Repeat the data below with no changes.

- - - -

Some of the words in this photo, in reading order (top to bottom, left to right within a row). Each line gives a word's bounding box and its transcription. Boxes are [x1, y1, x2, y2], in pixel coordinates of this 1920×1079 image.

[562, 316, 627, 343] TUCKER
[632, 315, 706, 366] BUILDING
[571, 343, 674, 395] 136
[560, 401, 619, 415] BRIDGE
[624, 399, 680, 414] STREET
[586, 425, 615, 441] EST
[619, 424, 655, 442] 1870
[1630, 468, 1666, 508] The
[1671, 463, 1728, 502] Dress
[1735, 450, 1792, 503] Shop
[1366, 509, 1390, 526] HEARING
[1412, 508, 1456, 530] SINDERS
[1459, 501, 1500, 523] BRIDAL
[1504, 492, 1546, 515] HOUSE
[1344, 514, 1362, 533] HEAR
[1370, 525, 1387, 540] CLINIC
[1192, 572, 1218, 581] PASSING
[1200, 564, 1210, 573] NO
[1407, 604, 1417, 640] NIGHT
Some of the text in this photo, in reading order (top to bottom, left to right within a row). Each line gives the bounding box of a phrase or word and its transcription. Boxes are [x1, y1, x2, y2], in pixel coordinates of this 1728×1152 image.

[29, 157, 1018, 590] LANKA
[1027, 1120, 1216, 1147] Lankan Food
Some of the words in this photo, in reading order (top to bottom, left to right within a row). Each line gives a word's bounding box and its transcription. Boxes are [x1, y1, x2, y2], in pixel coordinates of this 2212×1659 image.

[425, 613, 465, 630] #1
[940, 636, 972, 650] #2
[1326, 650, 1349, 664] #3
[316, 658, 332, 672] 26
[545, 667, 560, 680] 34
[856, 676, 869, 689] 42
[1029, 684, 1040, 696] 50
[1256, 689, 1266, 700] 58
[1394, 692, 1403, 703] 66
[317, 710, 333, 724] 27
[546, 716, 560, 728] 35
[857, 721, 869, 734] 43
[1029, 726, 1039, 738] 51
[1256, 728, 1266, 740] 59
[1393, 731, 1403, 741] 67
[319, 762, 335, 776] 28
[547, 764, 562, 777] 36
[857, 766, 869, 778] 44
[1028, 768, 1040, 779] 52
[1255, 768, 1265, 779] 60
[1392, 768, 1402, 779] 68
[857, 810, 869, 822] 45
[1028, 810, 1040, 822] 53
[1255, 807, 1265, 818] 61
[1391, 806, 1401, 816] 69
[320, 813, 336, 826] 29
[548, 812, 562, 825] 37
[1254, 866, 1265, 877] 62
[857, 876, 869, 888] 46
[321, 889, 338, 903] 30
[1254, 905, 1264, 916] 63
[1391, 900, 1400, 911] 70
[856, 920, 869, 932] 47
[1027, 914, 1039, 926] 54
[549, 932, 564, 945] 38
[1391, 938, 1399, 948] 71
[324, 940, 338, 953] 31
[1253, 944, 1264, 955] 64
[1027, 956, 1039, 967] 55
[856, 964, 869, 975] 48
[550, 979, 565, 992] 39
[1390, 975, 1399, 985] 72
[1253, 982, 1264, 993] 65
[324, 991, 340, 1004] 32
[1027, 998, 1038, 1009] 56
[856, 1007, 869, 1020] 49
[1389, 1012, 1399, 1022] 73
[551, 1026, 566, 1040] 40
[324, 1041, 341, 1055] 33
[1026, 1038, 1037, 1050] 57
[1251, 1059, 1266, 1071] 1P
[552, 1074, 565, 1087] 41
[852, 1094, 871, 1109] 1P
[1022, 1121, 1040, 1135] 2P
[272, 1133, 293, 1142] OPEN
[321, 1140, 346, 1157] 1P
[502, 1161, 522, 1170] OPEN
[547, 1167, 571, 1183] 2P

- - - -

# Solution
Some of the words in this photo, in reading order (top to bottom, left to right within a row). Each line gives a word's bounding box and its transcription. Boxes are [x1, y1, x2, y2], in pixel coordinates of this 1920×1079 image.

[562, 316, 627, 343] TUCKER
[632, 315, 706, 366] BUILDING
[571, 343, 674, 395] 136
[560, 401, 619, 415] BRIDGE
[624, 399, 680, 414] STREET
[586, 425, 615, 441] EST
[619, 424, 655, 442] 1870
[1630, 468, 1666, 508] The
[1671, 463, 1728, 502] Dress
[1735, 450, 1792, 503] Shop
[1366, 509, 1390, 526] HEARING
[1412, 508, 1456, 530] SINDERS
[1459, 501, 1500, 523] BRIDAL
[1504, 492, 1546, 515] HOUSE
[1344, 514, 1362, 533] HEAR
[1370, 525, 1387, 540] CLINIC
[1192, 572, 1218, 581] PASSING
[1200, 564, 1210, 573] NO
[1407, 604, 1417, 640] NIGHT
Some of the text in this photo, in reading order (top to bottom, left to right within a row). Each line gives the bounding box of a phrase or word and its transcription. Boxes are [x1, y1, x2, y2], in pixel coordinates of this 1728×1152 image.

[29, 157, 1018, 590] LANKA
[1027, 1120, 1216, 1147] Lankan Food
Some of the words in this photo, in reading order (top to bottom, left to right within a row). Each line gives a word's bounding box and its transcription. Boxes are [x1, y1, x2, y2], in pixel coordinates of this 2212×1659 image.

[425, 613, 465, 630] #1
[940, 636, 972, 650] #2
[1326, 650, 1349, 664] #3
[316, 658, 332, 672] 26
[545, 667, 560, 680] 34
[856, 676, 869, 689] 42
[1029, 684, 1040, 696] 50
[1256, 689, 1266, 700] 58
[1394, 692, 1403, 703] 66
[317, 710, 333, 724] 27
[546, 716, 560, 728] 35
[857, 721, 869, 734] 43
[1029, 726, 1039, 738] 51
[1256, 728, 1266, 740] 59
[1393, 731, 1403, 741] 67
[319, 762, 335, 776] 28
[547, 764, 562, 777] 36
[857, 766, 869, 778] 44
[1028, 768, 1040, 779] 52
[1255, 768, 1265, 779] 60
[1392, 768, 1402, 779] 68
[857, 810, 869, 822] 45
[1028, 810, 1040, 822] 53
[1255, 807, 1265, 818] 61
[1391, 806, 1401, 816] 69
[320, 813, 336, 826] 29
[548, 812, 562, 825] 37
[1254, 866, 1265, 877] 62
[857, 876, 869, 888] 46
[321, 889, 338, 903] 30
[1254, 905, 1264, 916] 63
[1391, 900, 1400, 911] 70
[856, 920, 869, 932] 47
[1027, 914, 1039, 926] 54
[549, 932, 564, 945] 38
[1391, 938, 1399, 948] 71
[324, 940, 338, 953] 31
[1253, 944, 1264, 955] 64
[1027, 956, 1039, 967] 55
[856, 964, 869, 975] 48
[550, 979, 565, 992] 39
[1390, 975, 1399, 985] 72
[1253, 982, 1264, 993] 65
[324, 991, 340, 1004] 32
[1027, 998, 1038, 1009] 56
[856, 1007, 869, 1020] 49
[1389, 1012, 1399, 1022] 73
[551, 1026, 566, 1040] 40
[324, 1041, 341, 1055] 33
[1026, 1038, 1037, 1050] 57
[1251, 1059, 1266, 1071] 1P
[552, 1074, 565, 1087] 41
[852, 1094, 871, 1109] 1P
[1022, 1121, 1040, 1135] 2P
[272, 1133, 293, 1142] OPEN
[321, 1140, 346, 1157] 1P
[502, 1161, 522, 1170] OPEN
[547, 1167, 571, 1183] 2P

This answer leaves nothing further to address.